Als die Mutter alles verpackt hatte, was irgendwie entbehrlich war, war in dem Koffer immer noch Platz. Sie holte ein rotsamtenes Abendkleid aus dem Schrank, das sie Jahre vor Kriegsbeginn zum Feuerwehrball getragen hatte, legte es sorgfältig zusammen und verstaute es im Koffer. Vielleicht würde man sich, wenn man nichts anderes mehr hatte, nicht scheuen, ein Kleid aus feuerrotem Samt zu tragen. Die noch verbliebenen Hohlräume im Koffer füllt sie mit gestrickten mehrfarbigen Wollsocken, Fäustlingen, schließlich mit Tischwäsche aus. Zuletzt ging sie noch einmal zum Schrank und entnahm ihm ein sehr großes, über und über besticktes Leinentischtuch mit zwölf dazugehörigen ebenfalls bestickten Servietten, deckte mit Tischtuch und Servietten das feuerrote Abendkleid zu und schloß den Koffer sorgfältig ab.

Der Koffer wurde mit einem der damals noch verkehrenden Züge FÜR ALLE FÄLLE zu Bekannten nach Österreich geschickt.

Leib- und Bettwäsche, Handtücher und Taschentücher, Strümpfe und Wollsocken haben Anna und ihren Eltern schon kurze Zeit später ein Vermögen bedeutet. Das rotsamtene Abendkleid ist gegen Lebensmittel eingetauscht worden. Das kostbar bestickte Leinentischtuch und die zwölf dazugehörigen Servietten haben sich als unverkäuflich erwiesen, weil jedes Stück mit einem kunstvoll gestickten Monogramm versehen war. Leute, die sich in der ersten Zeit nach dem Ende des Zweiten Weltkriegs gestickte Leinentischtücher und dazugehörige übergroße Servietten leisten konnten, wollten diese mit ihrem eigenen Monogramm versehen haben.

Nachdem wir, Bernhard und ich, die uns von der Hilfsgemeinschaft SOS geschenkten Möbel, die beiden Schränke, die vier Stühle, den ovalen Tisch mit dem geschnitzten Fuß und den Schreibtisch, vom Handwagen abgeladen und ins Haus getragen, in den Zimmern der Wohnung gleichmäßig und gerecht verteilt hatten, fuhren wir noch einmal mit dem Handwagen durch die Stadt und holten das Ausziehbett ab.

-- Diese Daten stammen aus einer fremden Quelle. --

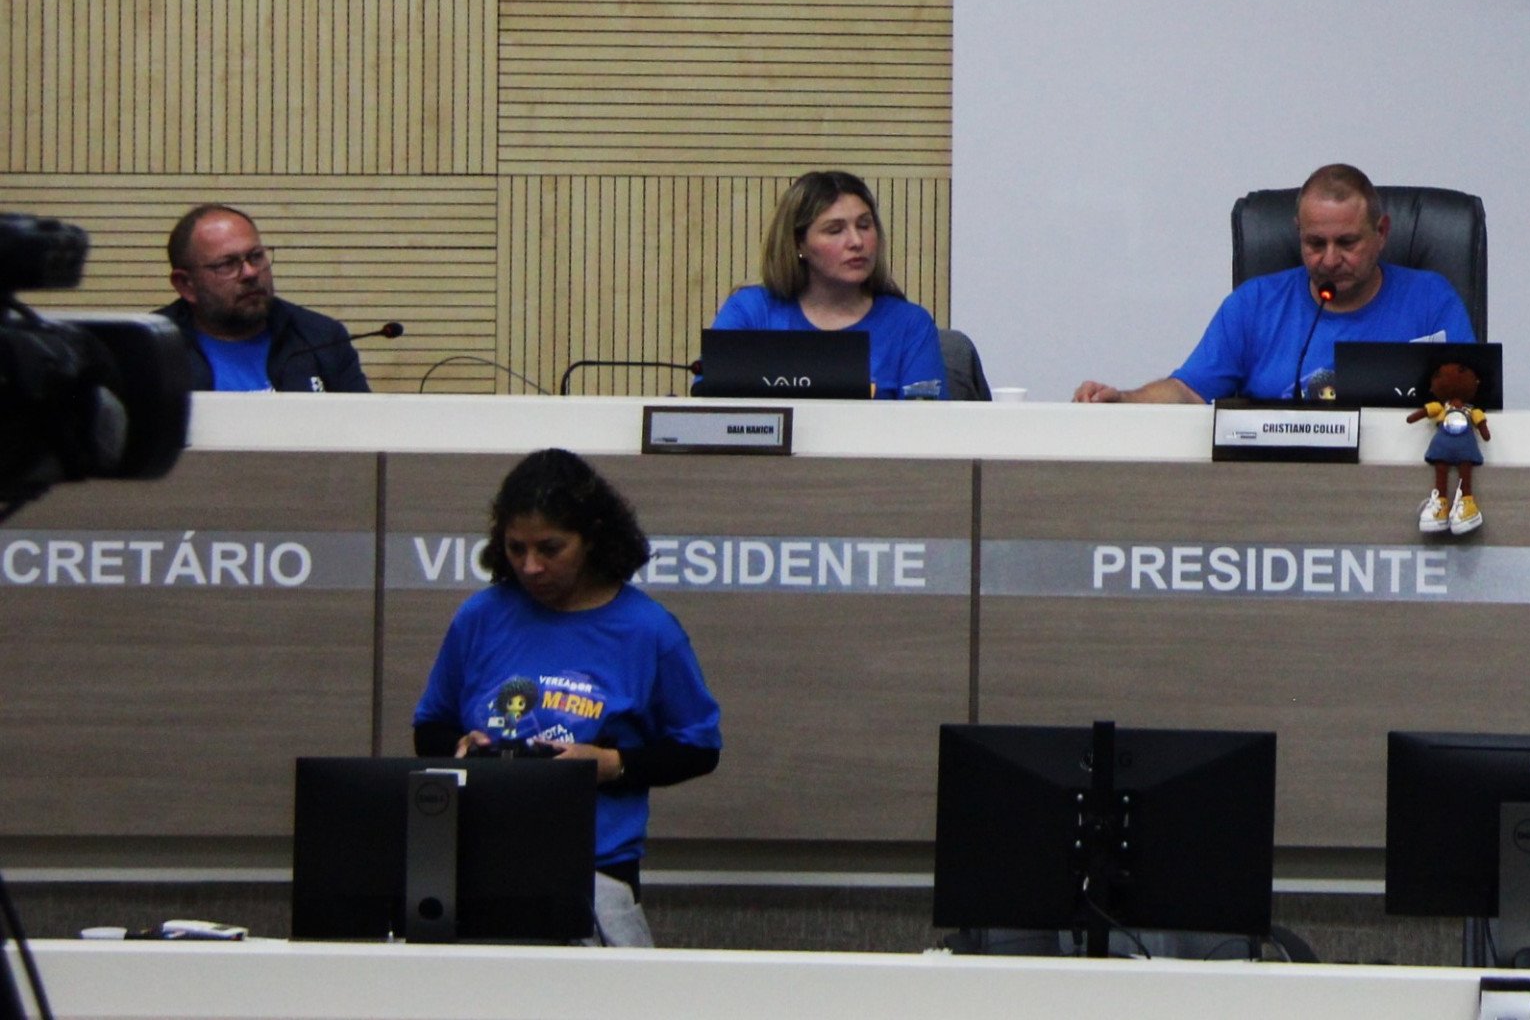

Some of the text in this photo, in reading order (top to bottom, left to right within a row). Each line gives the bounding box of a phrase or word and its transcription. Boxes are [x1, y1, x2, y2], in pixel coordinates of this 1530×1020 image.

[726, 425, 774, 434] DAIA HANICH
[1262, 423, 1346, 435] CRISTIANO COLLER
[414, 537, 926, 587] VIC ESIDENTE
[1093, 545, 1448, 594] PRESIDENTE

Die Eltern schenkten uns zur Komplettierung unseres Haushaltes das bestickte Leinentischtuch und die zwölf dazugehörigen, ebenfalls bestickten Servietten, von denen jede einzelne so groß war, daß wir sie als Tischtuch für einen kleineren Tisch, den wir später noch kauften, verwenden konnten.

Das bestickte Tischtuch und die Servietten sind die einzigen Wäschestücke in unserem Haus, von denen ich mit Sicherheit sagen kann, daß sie wirklich aus LEINEN gewebt sind.)